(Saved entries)
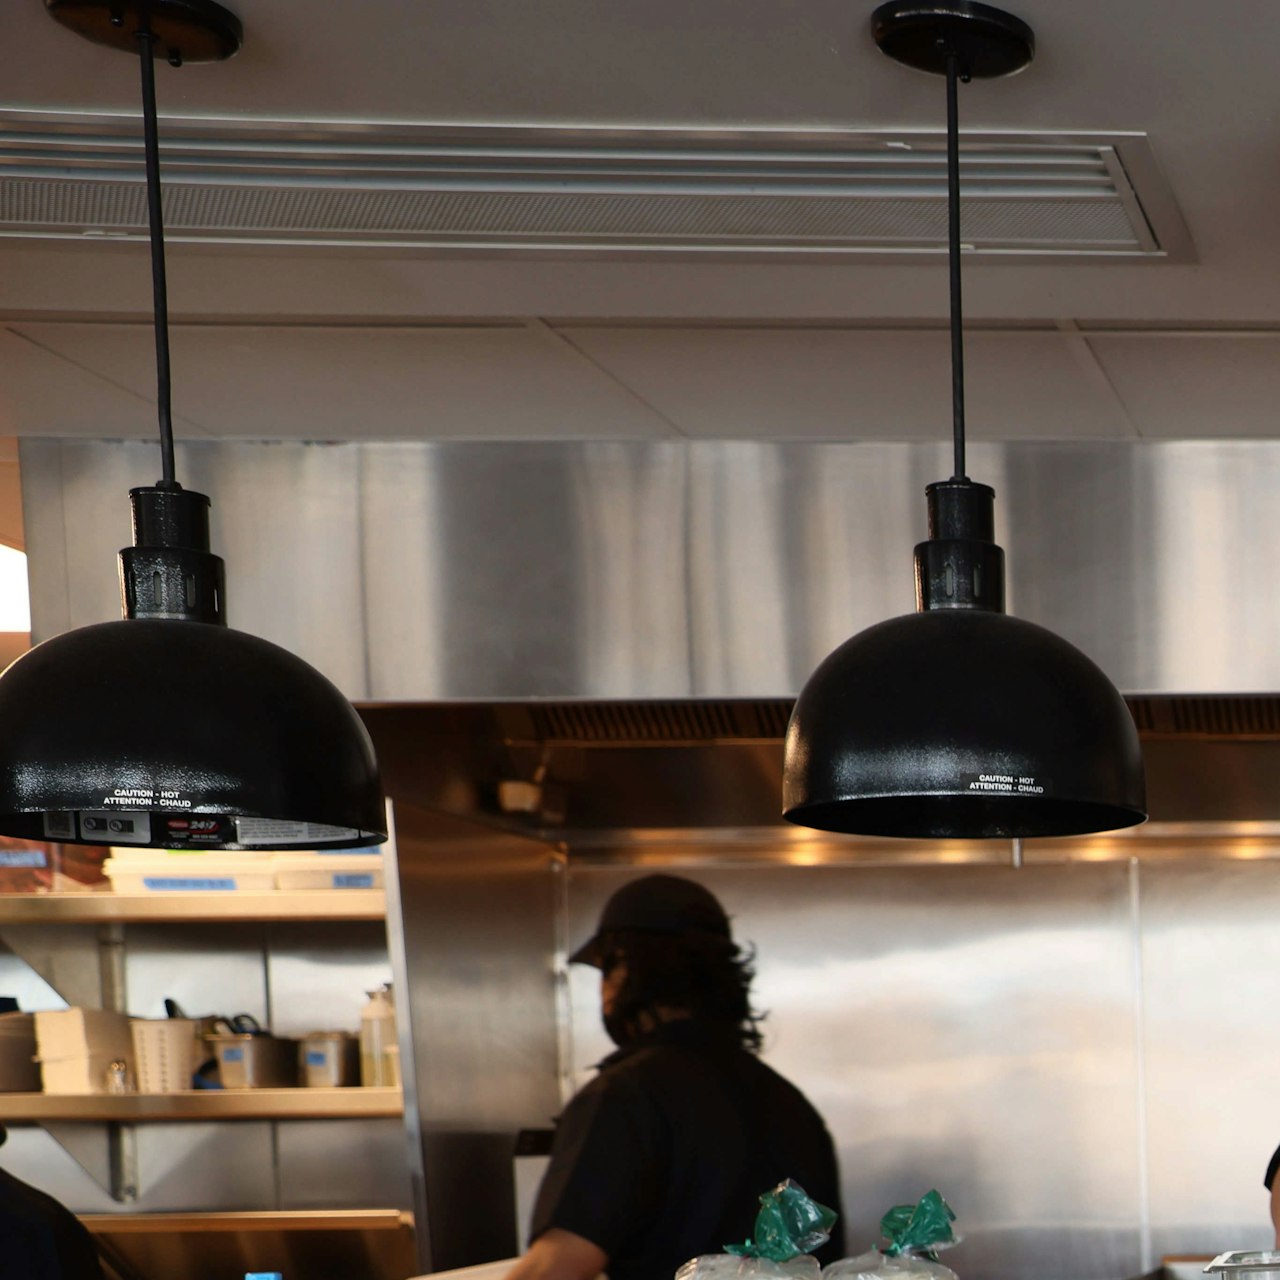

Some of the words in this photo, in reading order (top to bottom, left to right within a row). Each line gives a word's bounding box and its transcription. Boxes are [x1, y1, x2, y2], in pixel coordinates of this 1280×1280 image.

[979, 774, 1013, 782] CAUTION
[114, 789, 154, 797] CAUTION
[1018, 785, 1044, 793] CHAUD
[103, 797, 152, 805] ATTENTION
[159, 799, 191, 807] CHAUD

- [WHAT THE TASK REQUIRES] What you write should match the entries exactly, except that the pictures are dropped.

- [WRITTEN RESPONSE]
Some of the words in this photo, in reading order (top to bottom, left to right within a row). Each line gives a word's bounding box and its transcription. Boxes are [x1, y1, x2, y2], in pixel coordinates of this 1280×1280 image.

[979, 774, 1013, 782] CAUTION
[114, 789, 154, 797] CAUTION
[1018, 785, 1044, 793] CHAUD
[103, 797, 152, 805] ATTENTION
[159, 799, 191, 807] CHAUD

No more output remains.